Eukaryotic Initiation Factor 4E (eIF4E) as a Target of Anti-Psoriatic Treatment

Abstract

Eukaryotic translation initiation factor 4E (eIF4E) has been known to play a critical role in the regulation of gene expression and essential cellular processes such as proliferation, apoptosis and differentiation. We explored herein its role in the pathophysiology of psoriasis. The inhibition of eIF4E by siRNA or briciclib, an eIF4E small molecule inhibitor, downregulated the expression of eIF4E itself and its two complex partners eIF4A and G, as well as other eIFs (e.g. eIF1A, eIF2α, eIF3A, eIF3B, eIF5 and eIF6). This inhibition also abolished psoriatic inflammation in both the imiquimod and TGFß mouse model, as well as in a human 3D-psoriasis tissue model.
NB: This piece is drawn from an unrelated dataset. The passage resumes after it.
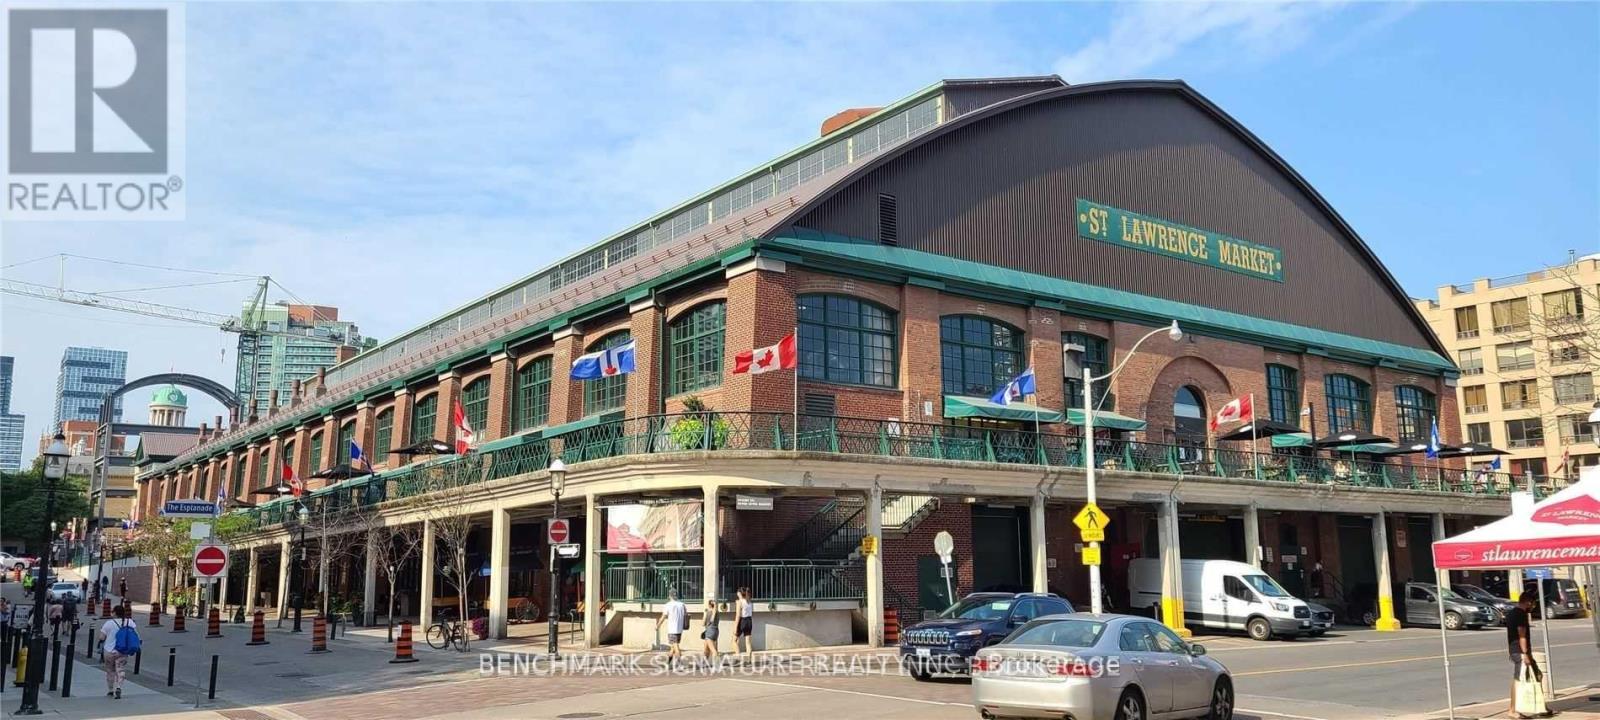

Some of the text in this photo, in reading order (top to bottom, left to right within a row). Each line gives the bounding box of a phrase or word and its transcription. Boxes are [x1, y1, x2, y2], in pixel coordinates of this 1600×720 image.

Downregulation of eIF4E and the other eIFs by application of briciclib (particularly when given topically) was linked to the normalization of cellular proliferation, restoration of the inflammatory milieu and epidermal hyperplasia of psoriasis, and normalization of levels of pro-inflammatory cytokines (e.g. TNFα, IL-1b, IL-17 and IL-22), and as well as keratinocyte differentiation markers (e.g. KRT16 and FLG). These results demonstrate translational imbalance and underline the crucial role played by eIF4E and other eIFs in the pathophysiology of psoriasis. This work opens up avenues for the development of novel topical anti-psoriatic treatment strategies by targeting eIF4E.